On Thu, Aug 01, 2024 at 10:53:45AM +0800, Huan Yang wrote:
在 2024/8/1 4:46, Daniel Vetter 写道:
On Tue, Jul 30, 2024 at 08:04:04PM +0800, Huan Yang wrote:
在 2024/7/30 17:05, Huan Yang 写道:
在 2024/7/30 16:56, Daniel Vetter 写道:
[????????? daniel.vetter@ffwll.ch ????????? https://aka.ms/LearnAboutSenderIdentification?????????????]
On Tue, Jul 30, 2024 at 03:57:44PM +0800, Huan Yang wrote:
UDMA-BUF step: 1. memfd_create 2. open file(buffer/direct) 3. udmabuf create 4. mmap memfd 5. read file into memfd vaddr
Yeah this is really slow and the worst way to do it. You absolutely want to start _all_ the io before you start creating the dma-buf, ideally with everything running in parallel. But just starting the direct I/O with async and then creating the umdabuf should be a lot faster and avoid
That's greate, Let me rephrase that, and please correct me if I'm wrong.

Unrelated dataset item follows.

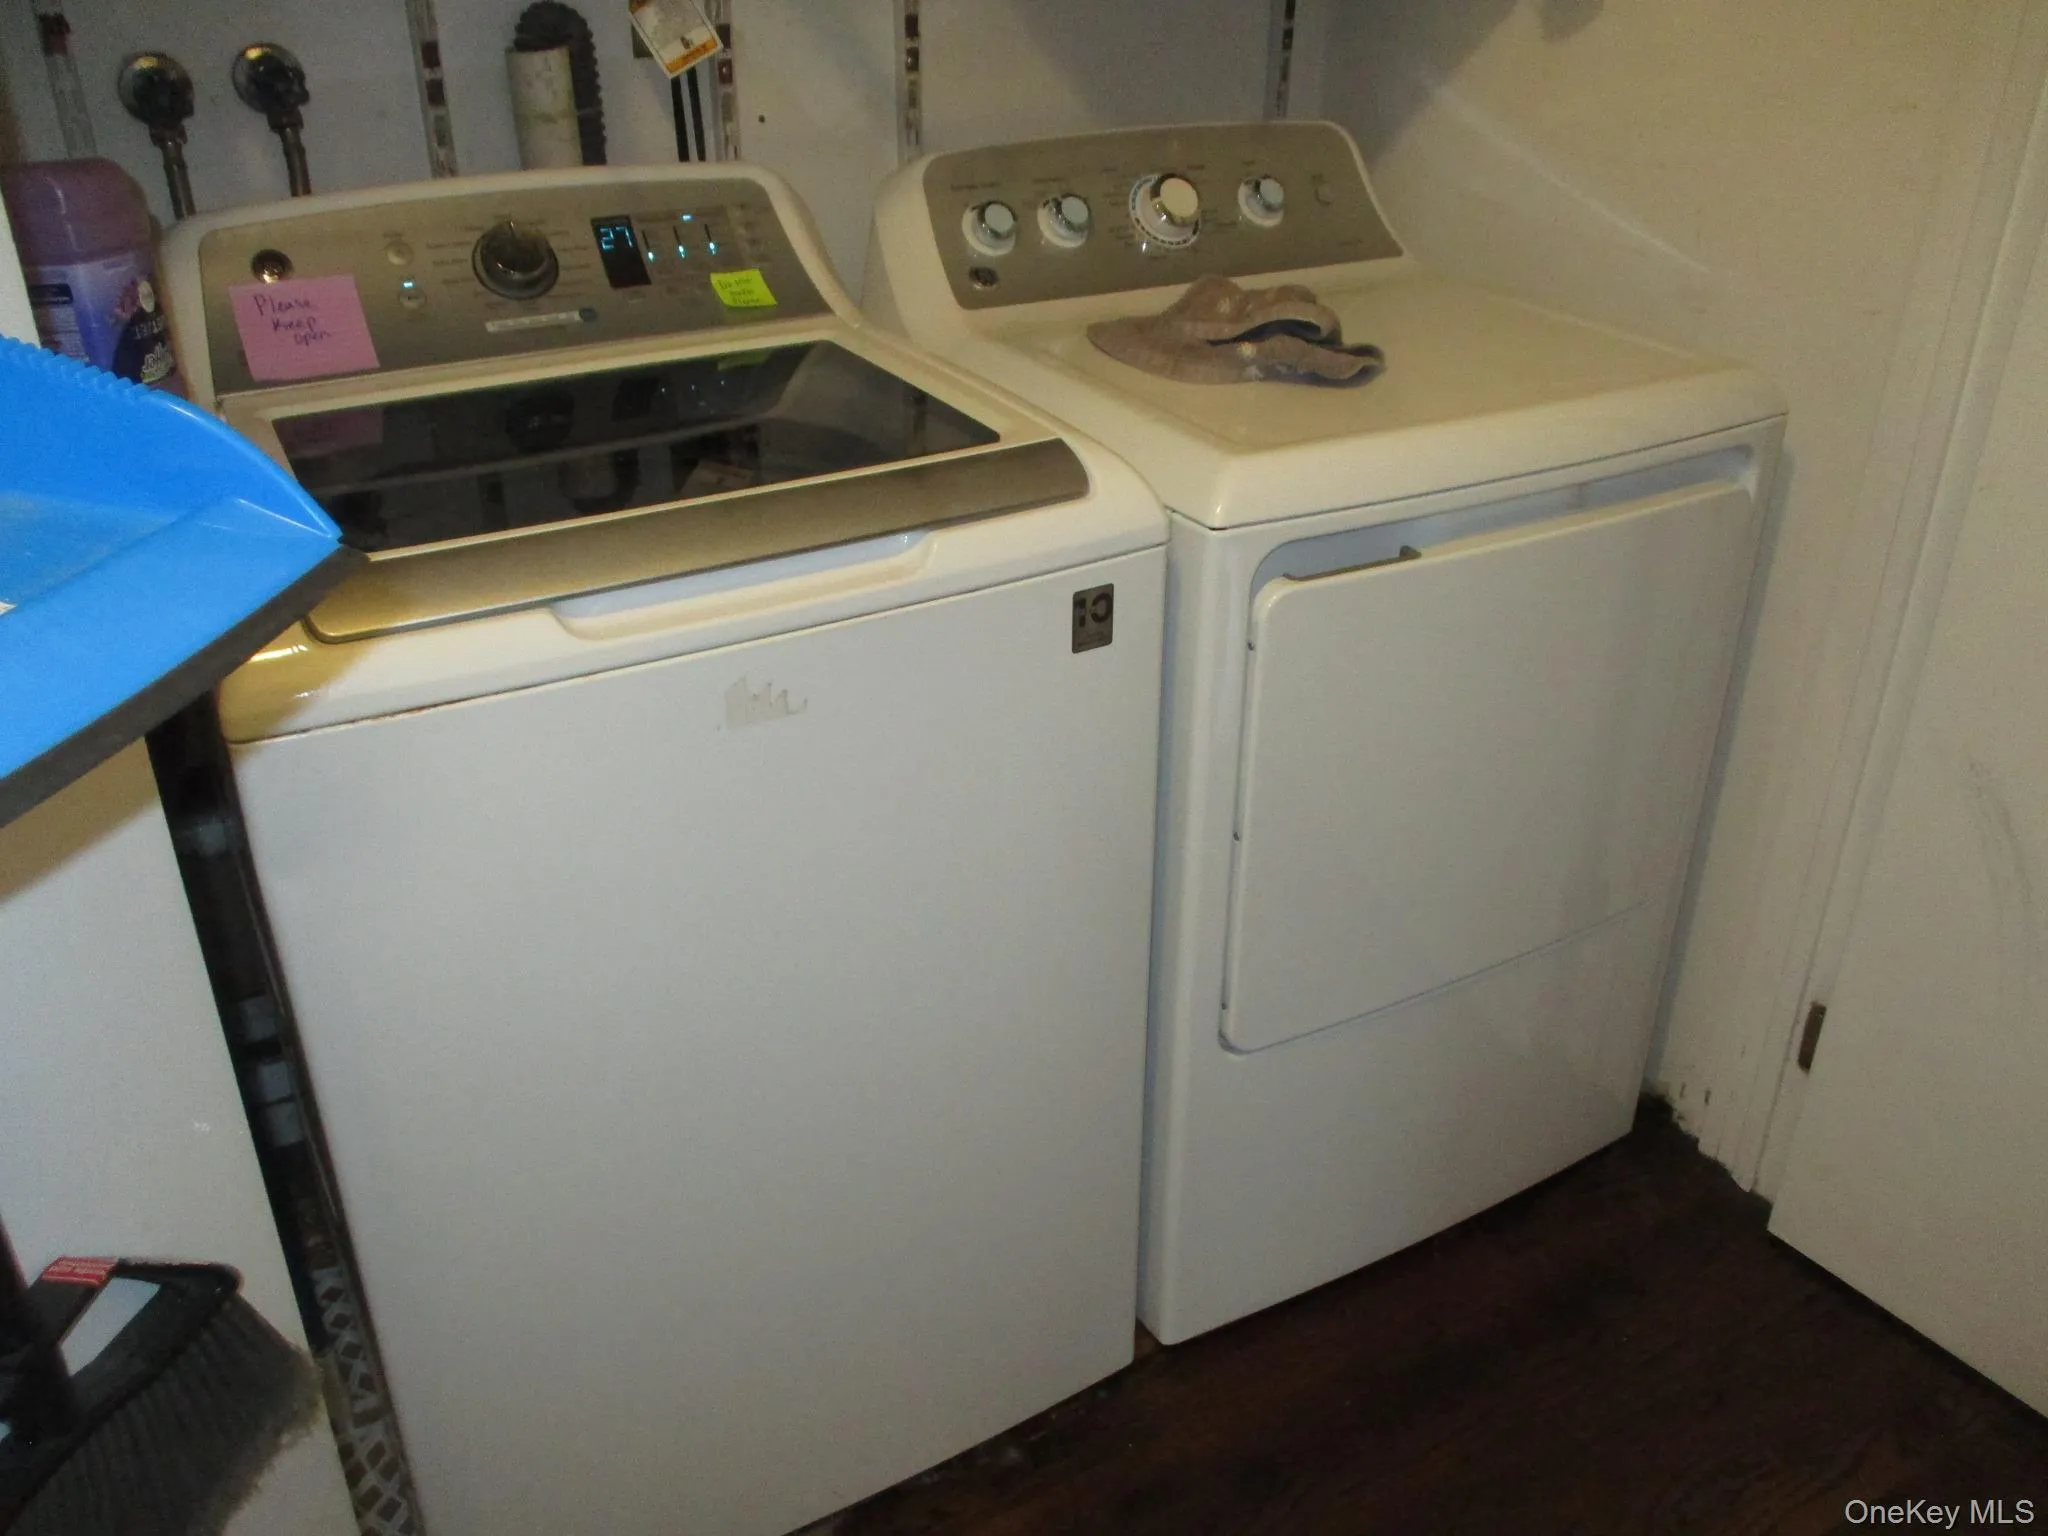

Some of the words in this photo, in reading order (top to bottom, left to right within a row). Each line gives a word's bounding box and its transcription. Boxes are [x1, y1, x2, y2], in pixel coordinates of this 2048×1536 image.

[600, 226, 633, 250] 27
[252, 294, 315, 316] Please
[294, 330, 331, 346] open

UDMA-BUF step: 1. memfd_create 2. mmap memfd 3. open file(buffer/direct) 4. start thread to async read 3. udmabuf create
With this, can improve
I just test with it. Step is:
UDMA-BUF step: 1. memfd_create 2. mmap memfd 3. open file(buffer/direct) 4. start thread to async read 5. udmabuf create
6 . join wait
3G file read all step cost 1,527,103,431ns, it's greate.
Ok that's almost the throughput of your patch set, which I think is close enough. The remaining difference is probably just the mmap overhead, not sure whether/how we can do direct i/o to an fd directly ... in principle it's possible for any file that uses the standard pagecache.
Yes, for mmap, IMO, now that we get all folios and pin it. That's mean all pfn it's got when udmabuf created.
So, I think mmap with page fault is helpless for save memory but increase the mmap access cost.(maybe can save a little page table's memory)
I want to offer a patchset to remove it and more suitable for folios operate(And remove unpin list). And contains some fix patch.
I'll send it when I test it's good.
About fd operation for direct I/O, maybe use sendfile or copy_file_range?
sendfile base pipe buffer, it's low performance when I test is.
copy_file_range can't work due to it's not the same file system.
So, I can't find other way to do it. Can someone give some suggestions?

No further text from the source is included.